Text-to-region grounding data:
· · · · · · ·

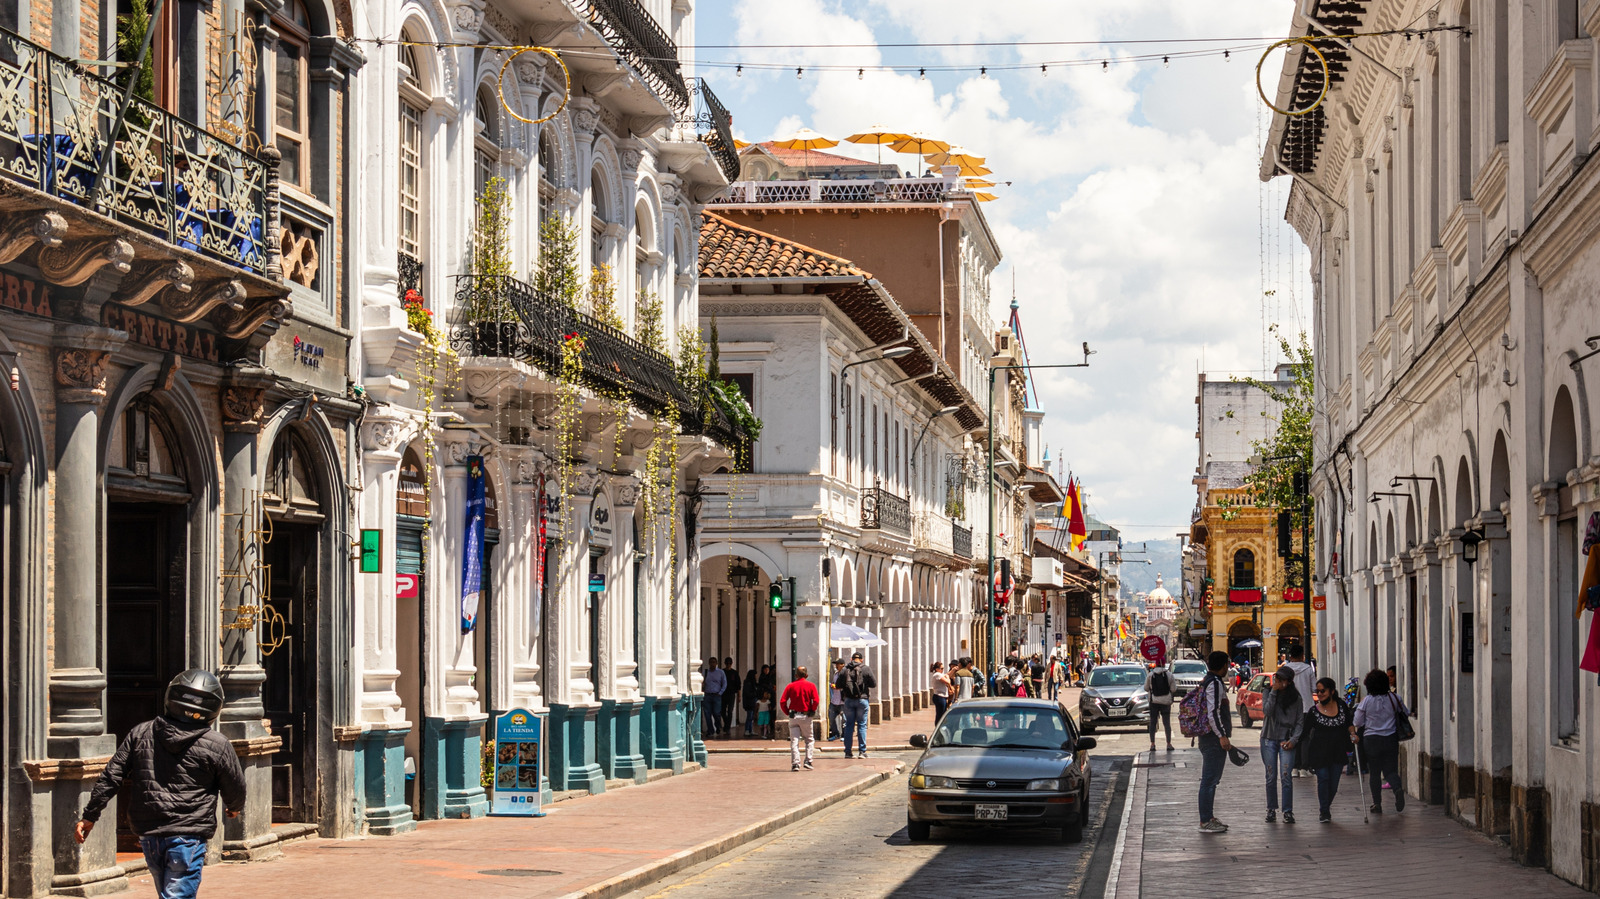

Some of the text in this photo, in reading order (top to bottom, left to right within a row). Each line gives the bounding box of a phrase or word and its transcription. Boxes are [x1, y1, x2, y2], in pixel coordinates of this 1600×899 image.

[0, 272, 53, 318] RIA
[103, 304, 219, 363] CENTRAL
[402, 480, 425, 496] TIENDA
[976, 809, 1007, 818] PRP-762

· · · · · · ·

Prompt:
Write out the records above exactly. Pictures do not belong in the copy.

Solution for this problem:
Some of the text in this photo, in reading order (top to bottom, left to right within a row). Each line gives the bounding box of a phrase or word and its transcription. Boxes are [x1, y1, x2, y2], in pixel coordinates of this 1600×899 image.

[0, 272, 53, 318] RIA
[103, 304, 219, 363] CENTRAL
[402, 480, 425, 496] TIENDA
[976, 809, 1007, 818] PRP-762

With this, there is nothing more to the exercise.